Interference — or influence — from US Christian right groups and Russian oligarchs have also fueled support for groups like the WCF, which have links to the far-right.
In an exclusive report this week, the UK website openDemocracy revealed that a dozen US-based Christian conservative groups have spent over $50 million in Europe in the last decade, with five of the groups previously listed as partners of the WCF network.
OpenDemocracy found some of the groups “sent teams of lobbyists to Brussels to influence EU officials, challenged laws against discrimination and hate speech in European courts, supported campaigns against LGBT rights in the Czech Republic and Romania, and funded a network of ‘grassroots’ anti-abortion campaigns in Italy and Spain.”
And it’s not just US money that is a part of this equation.
WCF’s roots were first planted in Russia following a meeting between American academic Allan Carlson and Russian intellectuals Anatoly Antonov and Viktor Medkov.
Since then, those WCF and Russian connections have further entangled. Russian WCF representative Alexey Komov brings Russian Orthodox Oligarchs, including members of billionaire Konstantin Malofeev’s charity St. Basil the Great, to the conference annually.
Malofeev, the head of Russia’s biggest Orthodox charity, St. Basil the Great, was slapped with sanctions by the EU and the US for his alleged involvement in funding separatists in eastern Ukraine and Russia’s annexation of Crimea in 2014. In July 2014, after Ukraine opened an investigation into Malofeev’s financing of “illegal armed groups” and called him a “sponsor of terrorists,” he dismissed the investigation as “ridiculous,” according to the FT.

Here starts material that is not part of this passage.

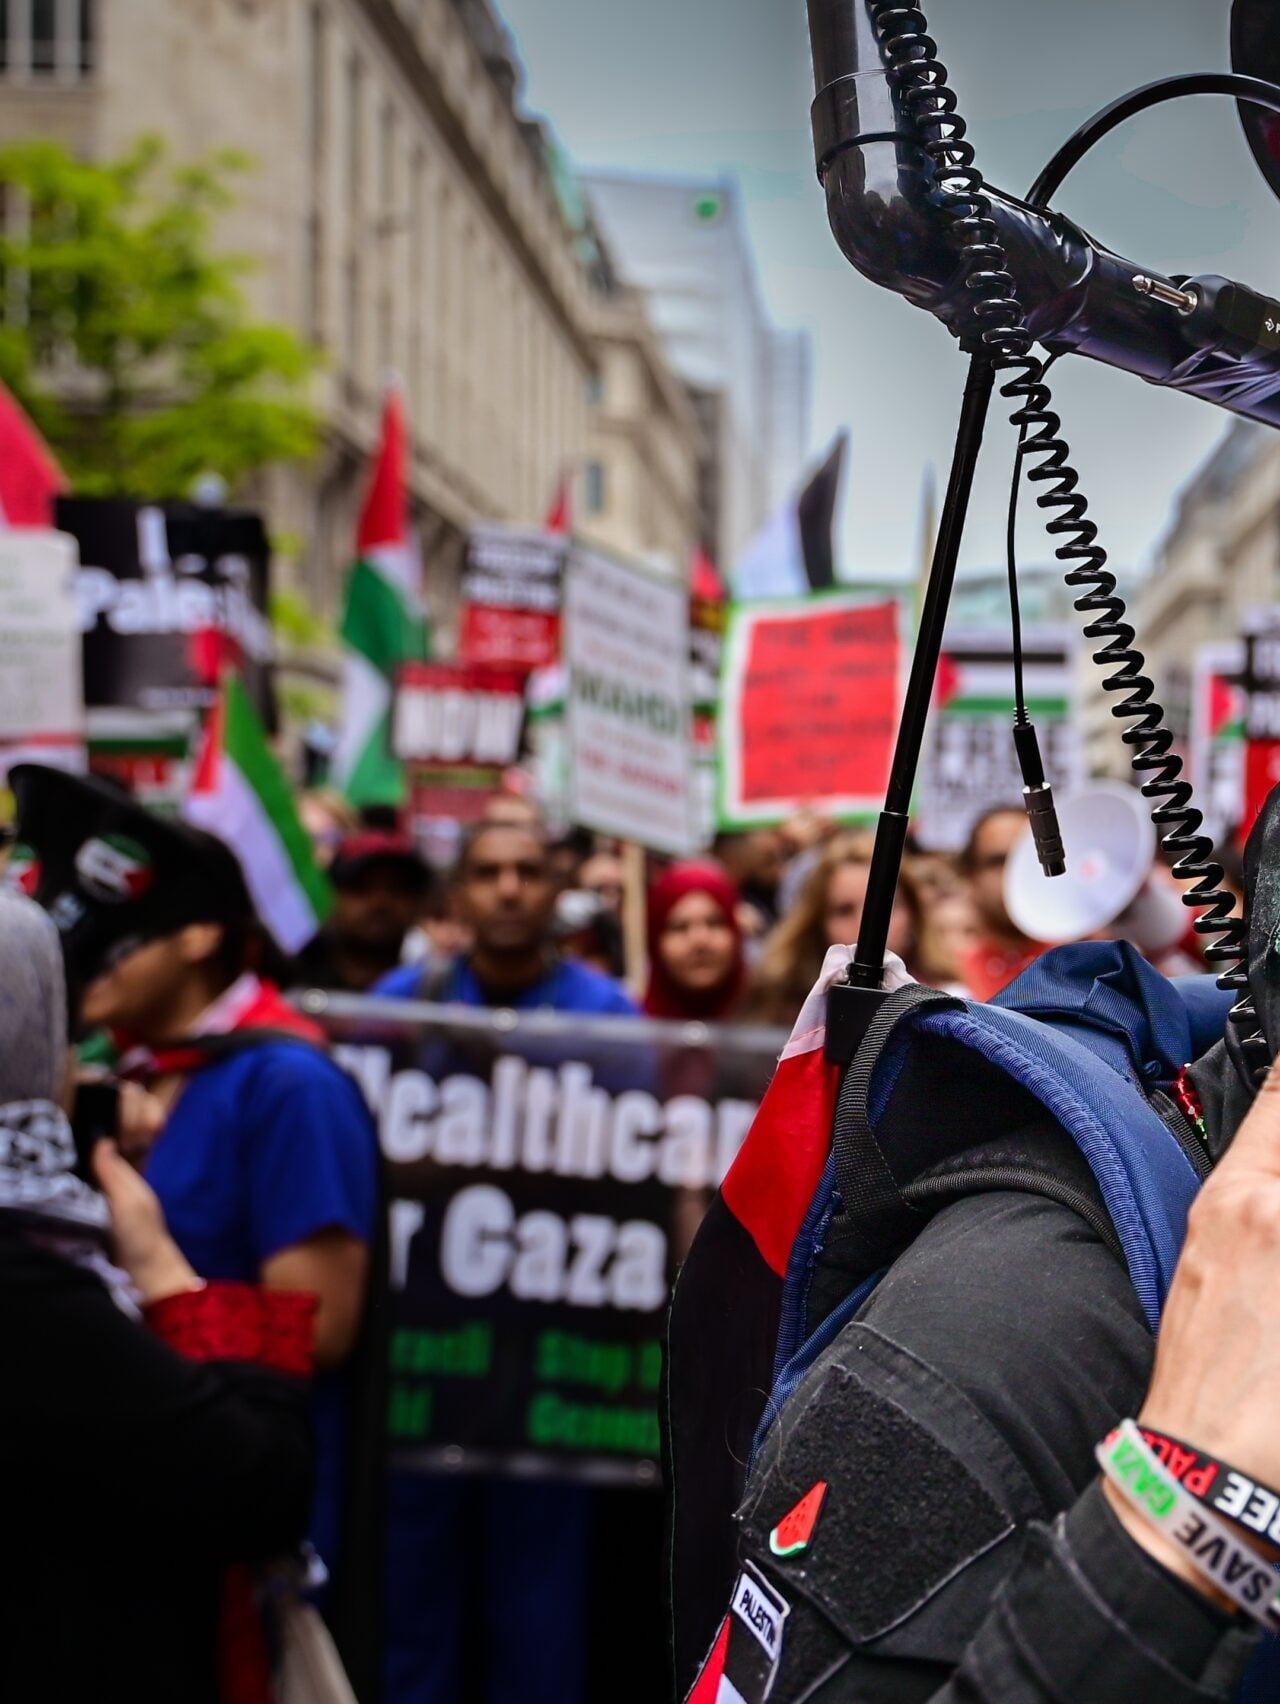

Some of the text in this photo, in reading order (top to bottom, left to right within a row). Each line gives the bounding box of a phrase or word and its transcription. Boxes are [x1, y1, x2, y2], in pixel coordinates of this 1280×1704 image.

[334, 1042, 758, 1190] ealthcar
[440, 1183, 667, 1312] Gaza
[1173, 1510, 1272, 1601] SAVE

Those sanctions have stopped Malofeev’s physical presence at the WCF, but representatives from his charity were a visible presence throughout, speaking on “healthy families.” The themes in those workshops could find a home in parties contesting May’s European elections.
Still, a consortium of feminists, abortion rights activists and LGBTQ groups are pushing back. It’s the first time there’s been such a visible and organized opposition to the group.
“We want to make people aware of what is happening and to outline the threat that everybody is facing — it’s not just a feminist thing,” said Alessandra Celati, a historian and member of the “Non una di meno” group, who had organized the weekend of counter-protests in Verona.
“We want to create a bridge between our organization and others who want to contribute in the resistance to the medieval policies these people are pulling forward.”